Nothing but an exact repeat of the data, with pictures removed, belongs in the answer.
____ INPUT MATERIAL
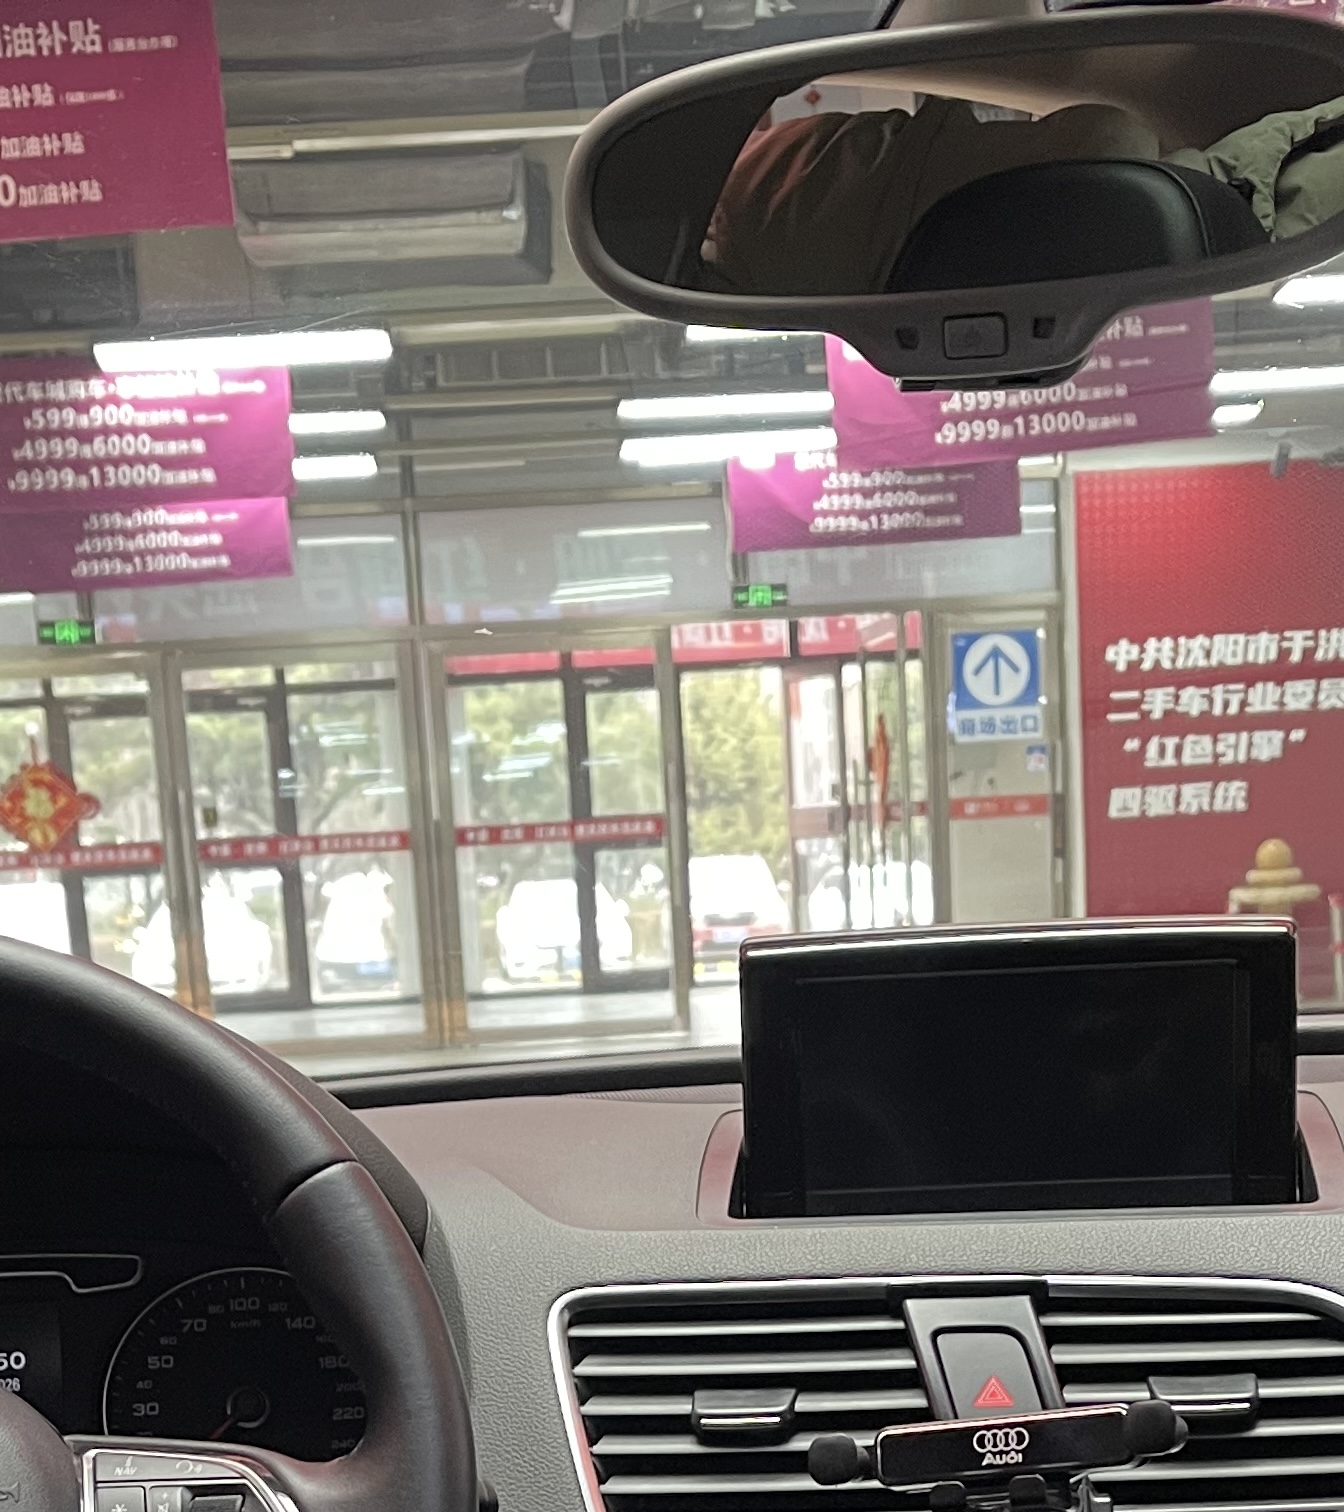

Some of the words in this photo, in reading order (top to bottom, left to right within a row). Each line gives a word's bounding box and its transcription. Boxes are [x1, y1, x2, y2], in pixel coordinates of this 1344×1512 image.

[1107, 779, 1249, 819] 四驱系统
[230, 1297, 260, 1312] 100
[181, 1318, 208, 1333] 70
[285, 1316, 316, 1330] 140
[147, 1355, 174, 1369] 50
[318, 1355, 349, 1369] 180
[132, 1402, 160, 1417] 30
[333, 1406, 365, 1421] 220
[982, 1451, 1023, 1466] Audi
[114, 1465, 138, 1476] NAV
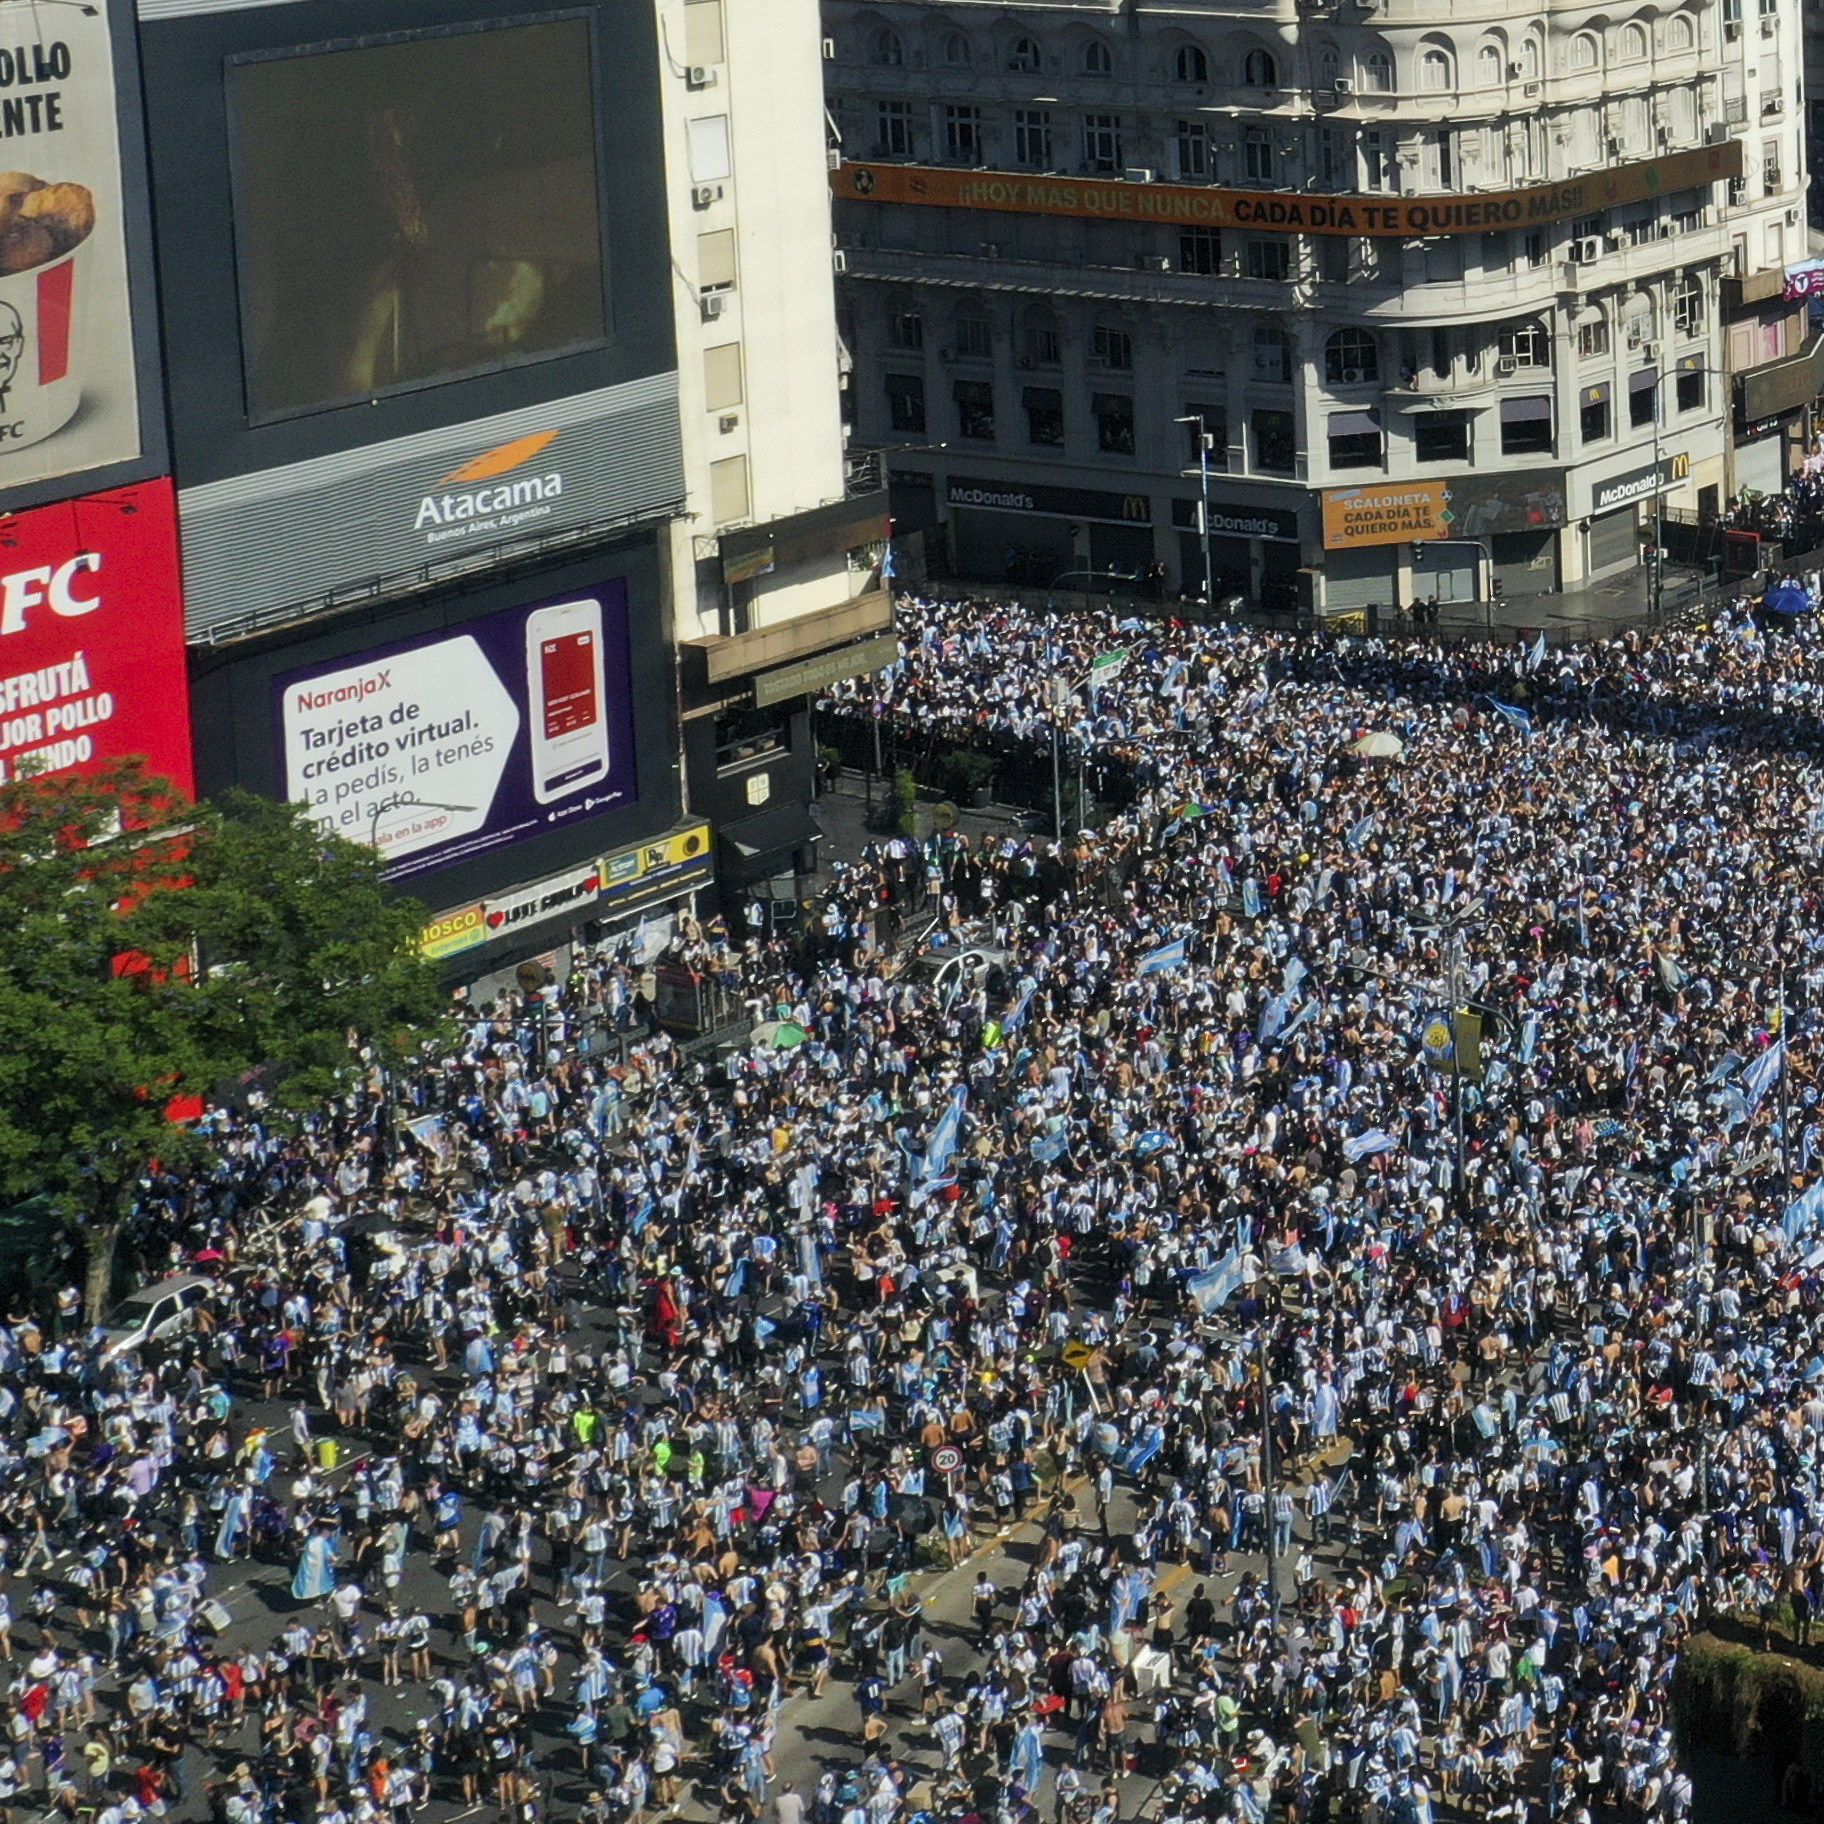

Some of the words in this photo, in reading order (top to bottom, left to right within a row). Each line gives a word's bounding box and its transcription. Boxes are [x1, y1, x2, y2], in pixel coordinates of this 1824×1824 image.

[0, 91, 64, 139] NTE
[1083, 190, 1132, 215] QUE
[1136, 192, 1232, 222] NUNCA,
[1233, 199, 1304, 225] CADA
[1309, 198, 1353, 229] DÍA
[1361, 206, 1401, 229] TE
[1407, 197, 1523, 232] QUIERO
[413, 472, 562, 530] Atacama
[950, 486, 1035, 509] McDonald's
[1343, 492, 1432, 511] SCALONETA
[1343, 510, 1384, 524] CADA
[1385, 507, 1411, 521] DÍA
[1413, 505, 1431, 518] TE
[427, 526, 466, 544] Buenos
[499, 504, 551, 526] Argentina
[1343, 520, 1398, 538] QUIERO
[0, 552, 101, 636] FC
[46, 691, 114, 737] POLLO
[300, 713, 384, 752] Tarjeta
[389, 701, 420, 725] de
[301, 740, 390, 780] crédito
[395, 708, 480, 752] virtual.
[335, 763, 406, 805] pedís,
[411, 755, 430, 776] la
[435, 734, 495, 768] tenés
[340, 801, 361, 827] el
[365, 789, 422, 820] acto.
[394, 824, 410, 840] en
[411, 819, 423, 834] la
[423, 814, 449, 833] app
[938, 1453, 956, 1466] 20
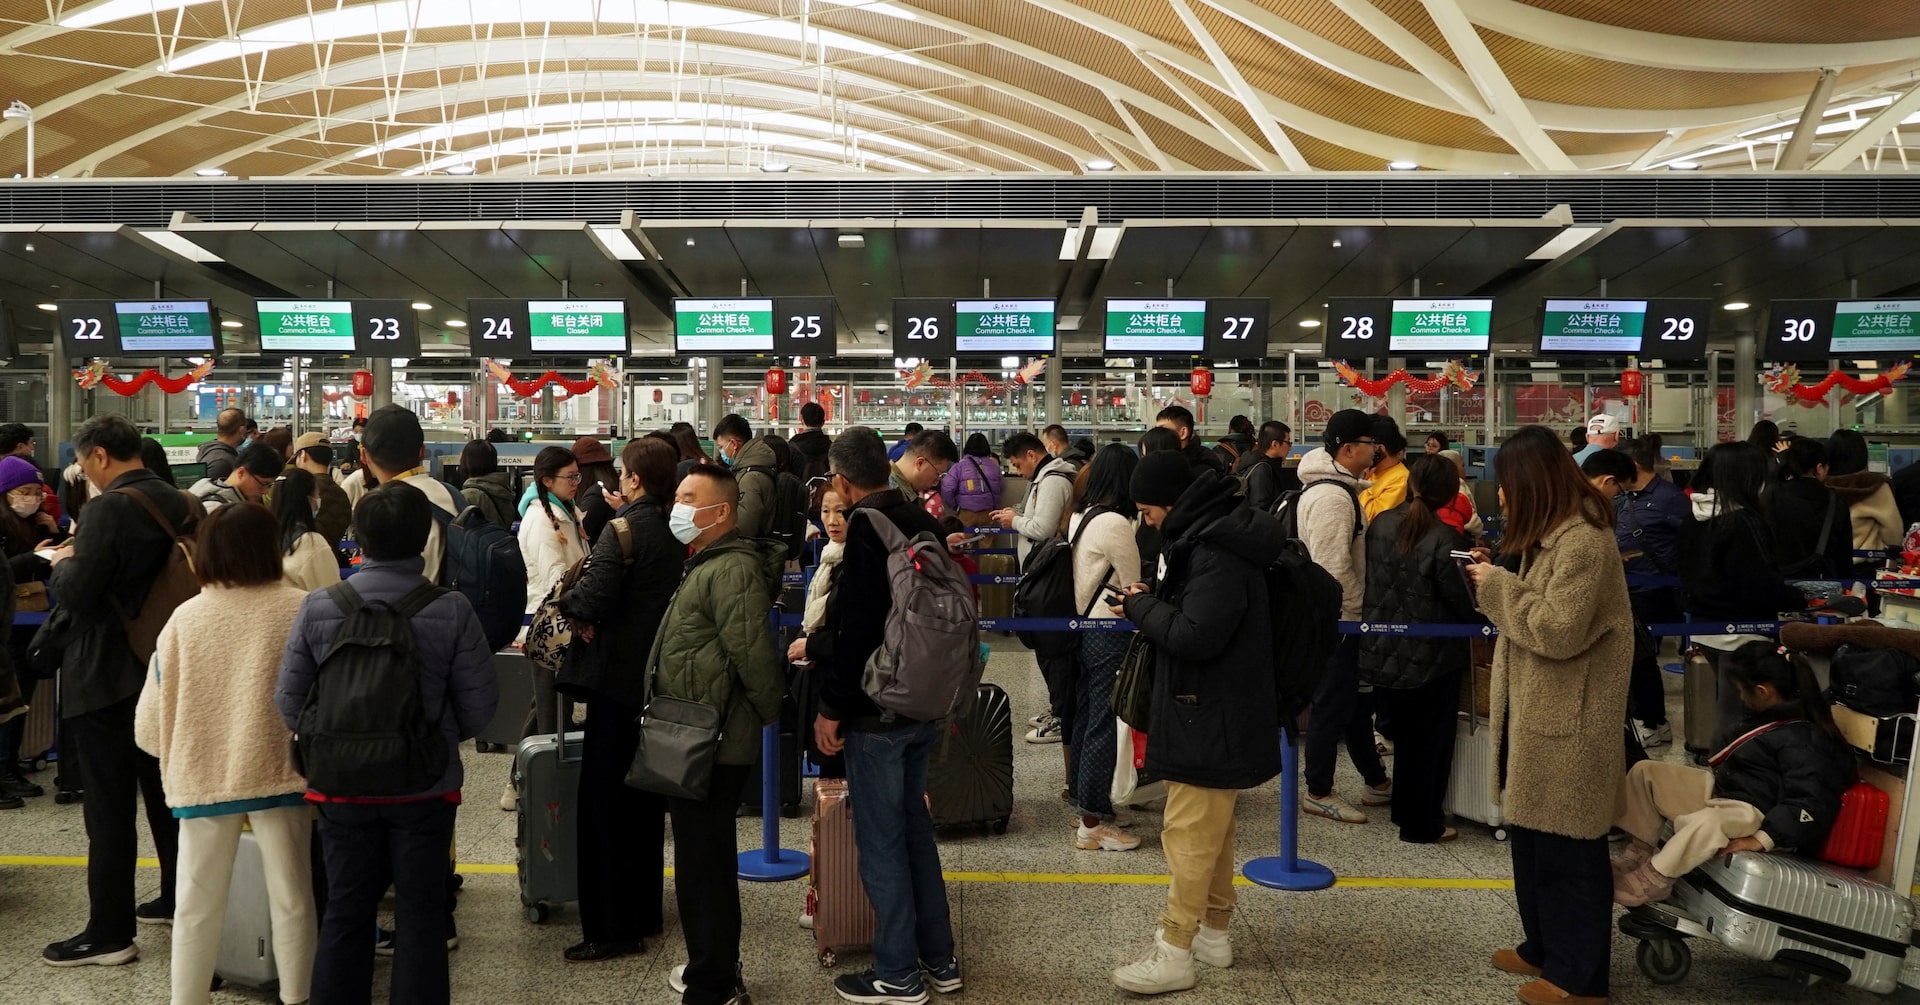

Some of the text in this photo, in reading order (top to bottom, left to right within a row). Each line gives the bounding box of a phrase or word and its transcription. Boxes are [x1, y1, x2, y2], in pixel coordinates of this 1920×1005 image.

[139, 315, 189, 327] 公共柜台
[281, 315, 331, 327] 公共柜台
[551, 314, 603, 328] 柜台关闭
[699, 314, 750, 326] 公共柜台
[980, 314, 1031, 327] 公共柜台
[1130, 314, 1182, 327] 公共柜台
[1415, 314, 1467, 326] 公共柜台
[1568, 314, 1621, 327] 公共柜台
[1858, 315, 1912, 327] 公共柜台
[72, 318, 104, 340] 22
[370, 318, 400, 340] 23
[482, 318, 513, 340] 24
[696, 326, 754, 334] Common Check-in
[790, 316, 822, 338] 25
[907, 318, 938, 339] 26
[1222, 317, 1254, 339] 27
[1341, 317, 1374, 339] 28
[1410, 326, 1470, 334] Common Check-in
[1661, 318, 1694, 340] 29
[1781, 319, 1815, 341] 30
[1462, 399, 1483, 408] 2024
________
■ RESULT OF THE EXERCISE ■
Some of the words in this photo, in reading order (top to bottom, left to right within a row). Each line gives a word's bounding box and its transcription. Boxes are [x1, y1, x2, y2], in pixel coordinates of this 1344×1512 image.

[1107, 779, 1249, 819] 四驱系统
[230, 1297, 260, 1312] 100
[181, 1318, 208, 1333] 70
[285, 1316, 316, 1330] 140
[147, 1355, 174, 1369] 50
[318, 1355, 349, 1369] 180
[132, 1402, 160, 1417] 30
[333, 1406, 365, 1421] 220
[982, 1451, 1023, 1466] Audi
[114, 1465, 138, 1476] NAV

Some of the words in this photo, in reading order (top to bottom, left to right within a row). Each line gives a word's bounding box and its transcription. Boxes are [x1, y1, x2, y2], in pixel coordinates of this 1824×1824 image.

[0, 91, 64, 139] NTE
[1083, 190, 1132, 215] QUE
[1136, 192, 1232, 222] NUNCA,
[1233, 199, 1304, 225] CADA
[1309, 198, 1353, 229] DÍA
[1361, 206, 1401, 229] TE
[1407, 197, 1523, 232] QUIERO
[413, 472, 562, 530] Atacama
[950, 486, 1035, 509] McDonald's
[1343, 492, 1432, 511] SCALONETA
[1343, 510, 1384, 524] CADA
[1385, 507, 1411, 521] DÍA
[1413, 505, 1431, 518] TE
[427, 526, 466, 544] Buenos
[499, 504, 551, 526] Argentina
[1343, 520, 1398, 538] QUIERO
[0, 552, 101, 636] FC
[46, 691, 114, 737] POLLO
[300, 713, 384, 752] Tarjeta
[389, 701, 420, 725] de
[301, 740, 390, 780] crédito
[395, 708, 480, 752] virtual.
[335, 763, 406, 805] pedís,
[411, 755, 430, 776] la
[435, 734, 495, 768] tenés
[340, 801, 361, 827] el
[365, 789, 422, 820] acto.
[394, 824, 410, 840] en
[411, 819, 423, 834] la
[423, 814, 449, 833] app
[938, 1453, 956, 1466] 20

Some of the text in this photo, in reading order (top to bottom, left to right within a row). Each line gives the bounding box of a phrase or word and its transcription. Boxes are [x1, y1, x2, y2], in pixel coordinates of this 1920×1005 image.

[139, 315, 189, 327] 公共柜台
[281, 315, 331, 327] 公共柜台
[551, 314, 603, 328] 柜台关闭
[699, 314, 750, 326] 公共柜台
[980, 314, 1031, 327] 公共柜台
[1130, 314, 1182, 327] 公共柜台
[1415, 314, 1467, 326] 公共柜台
[1568, 314, 1621, 327] 公共柜台
[1858, 315, 1912, 327] 公共柜台
[72, 318, 104, 340] 22
[370, 318, 400, 340] 23
[482, 318, 513, 340] 24
[696, 326, 754, 334] Common Check-in
[790, 316, 822, 338] 25
[907, 318, 938, 339] 26
[1222, 317, 1254, 339] 27
[1341, 317, 1374, 339] 28
[1410, 326, 1470, 334] Common Check-in
[1661, 318, 1694, 340] 29
[1781, 319, 1815, 341] 30
[1462, 399, 1483, 408] 2024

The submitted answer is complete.